SEVERAL YEARS AGO I CONTRACTED TO DO AN article for Spin magazine concerning a hobo organization called the FTRA (Freight Train Riders of America), a group that certain elements of law enforcement claimed was a hobo mafia responsible for—among other crimes—hundreds of murders, drug running on a massive scale, and the derailing of trains. As a result, I wound up hopping freights over the span of a couple months. I talked to train tramps in hobo jungles, urban squats, wino bars, at a supermax prison, and in various other venues. For a time I traveled with a hobo whom I called Madcat in the article, holding back his real name for fear he might suffer reprisals from those who did not like what I wrote about them. In Madcat’s company I experienced a fair sampling of hobo life. It’s a life that has little connection with the commonly held, somewhat folkloric view of hobos, one chiefly conveyed by stories and songs and images that reference the Depression era, portraying hobos—or as they prefer to be distinguished these days, train tramps—as colorful kings-of-the-road, lazy, easygoing, good-time-loving, stogie-smoking gents who might be prone to a little drunkenness, a little petty larceny, but nothing worse than that.
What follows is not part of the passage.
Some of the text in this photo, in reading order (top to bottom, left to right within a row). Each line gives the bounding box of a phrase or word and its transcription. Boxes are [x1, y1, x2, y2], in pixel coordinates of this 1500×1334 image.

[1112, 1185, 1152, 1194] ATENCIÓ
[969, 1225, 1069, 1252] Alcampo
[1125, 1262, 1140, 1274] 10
Though this image may loosely fit the contemporary train tramp, it scarcely describes them. While some of the men and women I met on the rails were seriously dysfunctional, the remainder were more-or-less whole. They were not truly homeless, not impoverished clue to fate—they had simply declined, for one reason or another, society’s invitation to join and claimed to be fulfilled by their vagrant lives. They enjoyed being able to indulge laziness and substance abuse, and enjoyed, too, the brotherhood they found on the rails (“brotherhood” and “sisterhood” were words I often heard used to evoke the chief virtue of the lifestyle). Yet I would characterize few of them as easy-going. Surrounded by violence, generally in poor health, afflicted with psychological difficulties resulting from the stress of their day-to-day existence, they all passed a significant portion of their time in states of aggravation, fear, anxiety, and delirium. When I would press them as to the reason they continued to live as they did, the vast majority responded in kind: the trains.
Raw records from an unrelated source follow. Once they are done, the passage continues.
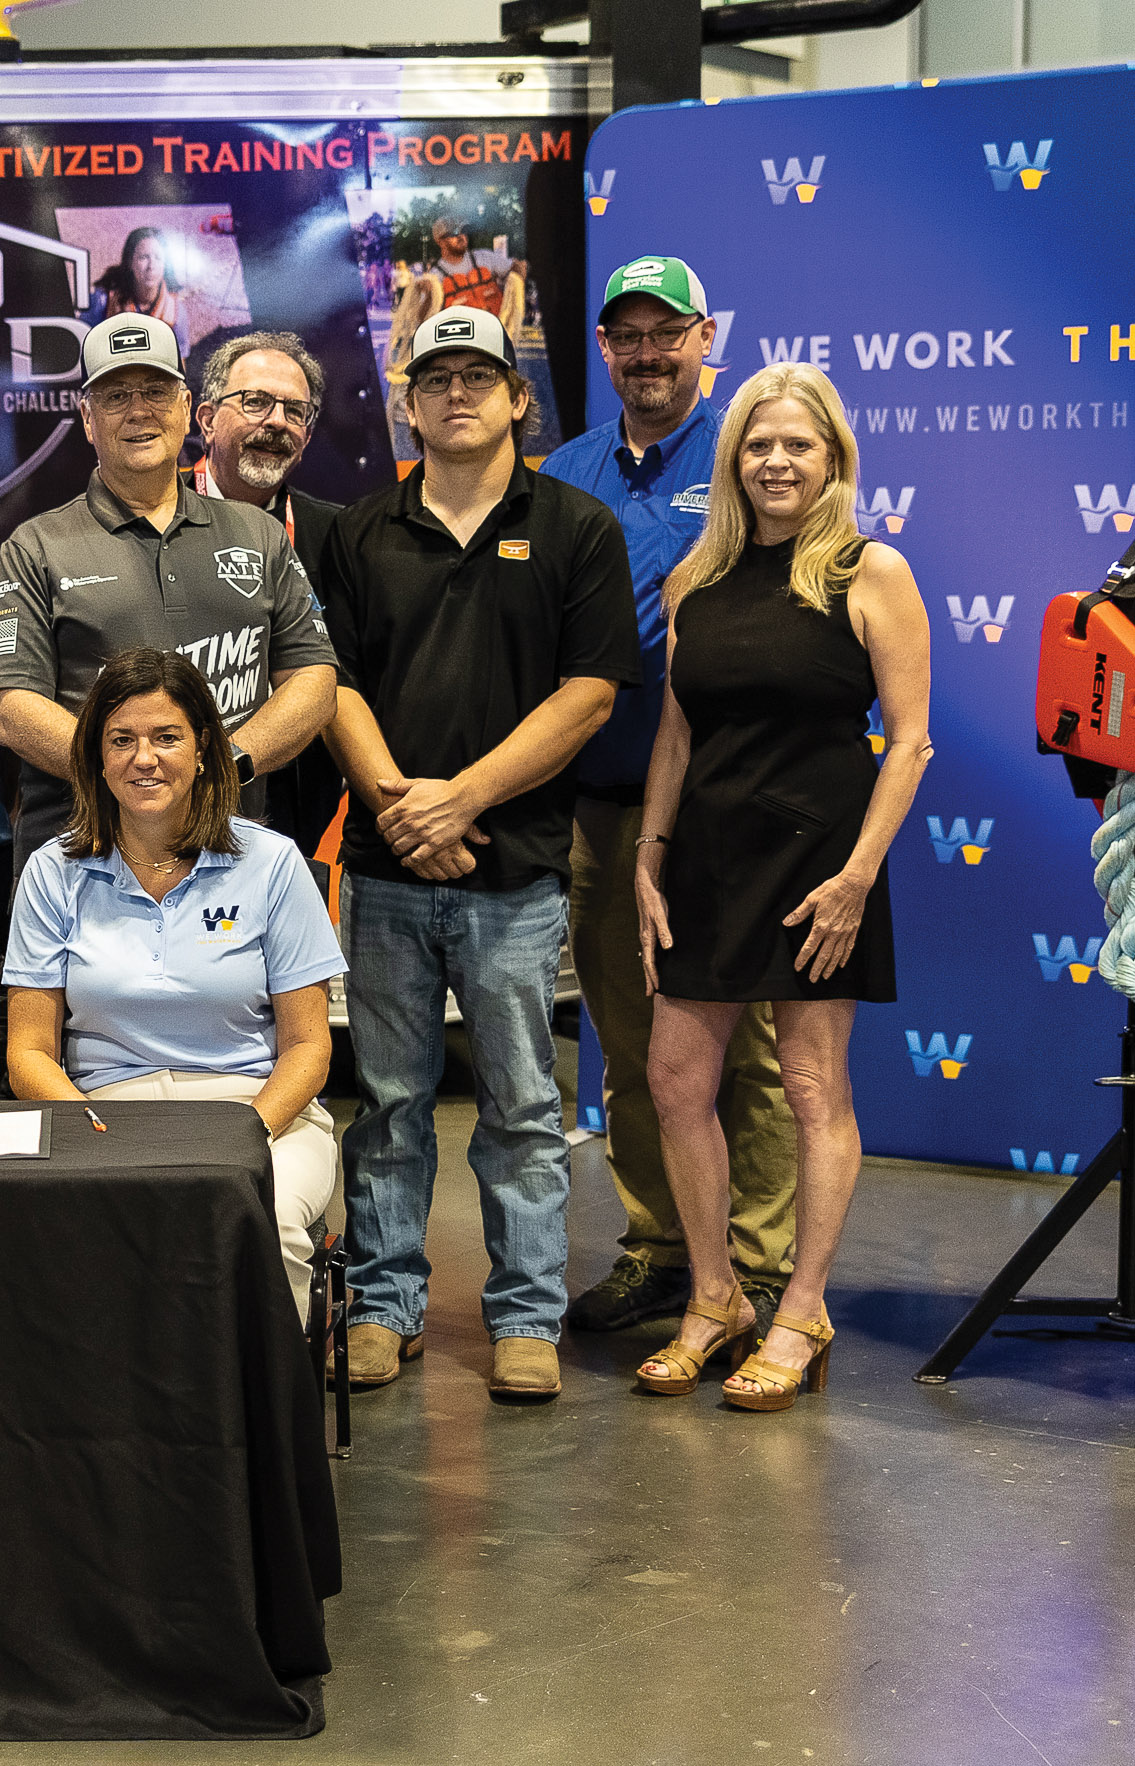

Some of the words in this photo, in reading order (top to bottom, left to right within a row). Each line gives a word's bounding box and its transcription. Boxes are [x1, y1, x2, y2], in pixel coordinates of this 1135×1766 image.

[153, 135, 353, 174] TRAINING
[367, 130, 572, 166] PROGRAM
[759, 335, 831, 372] WE
[853, 328, 1015, 371] WORK
[1090, 652, 1107, 736] KENT
 There’s no doubt that riding on a freight car as it carries you through some moonlit, mysterious corner of the American night is a rush like mystical whiskey for anyone with half an imagination. It’s loud, uncomfortable, and a lot of the time it’s damn cold, but it’s also romantic. You’re riding with ghosts, those of Jack Kerouac and Jack London and Ernest Hemingway, and all the ghosts of famous hobos that only hobos have ever heard of, and the fact that it’s illegal and a little dangerous makes the moonlight extra silvery, and your bottled water tastes extra silvery, too. Working at my desk sometimes, I’ll find myself transported back to a rattling, rushing moment and remember how it felt to be lost and alone in America, to be seeing the country from a perspective not many of us achieve. In my head I’ve got a file of snapshots of things and places few people will ever have a chance to see. A perfect little canyon in New Mexico, a trough of yellow stone brimful with golden late afternoon light, decorated with pines and grazing deer. Being almost stalled on an upgrade in the Rockies, sitting on the back of a grain car and watching a young woman, topless, wearing ragged shorts, her body adorned with tattoos of vines and leaves, emerge from the underbrush like a woodland spirit materializing and stare calmly at me from fifteen feet away (a sight whose magic was somewhat diminished when her boyfriend appeared, dragging their packs, and they hopped aboard the next car down). Standing in the Salt Lake City yard and seeing a pack of crusty punks—pierced, tattooed, grimy boys and girls—burst out from behind a string of rusting boxcars and scatter through the weeds, reminiscent in the suddenness of their passage, their deft speed and efficient flight, of wild animals started up by a threatening scent. It’s one hell of an experience, but would I surrender my life to recapture it? Not hardly.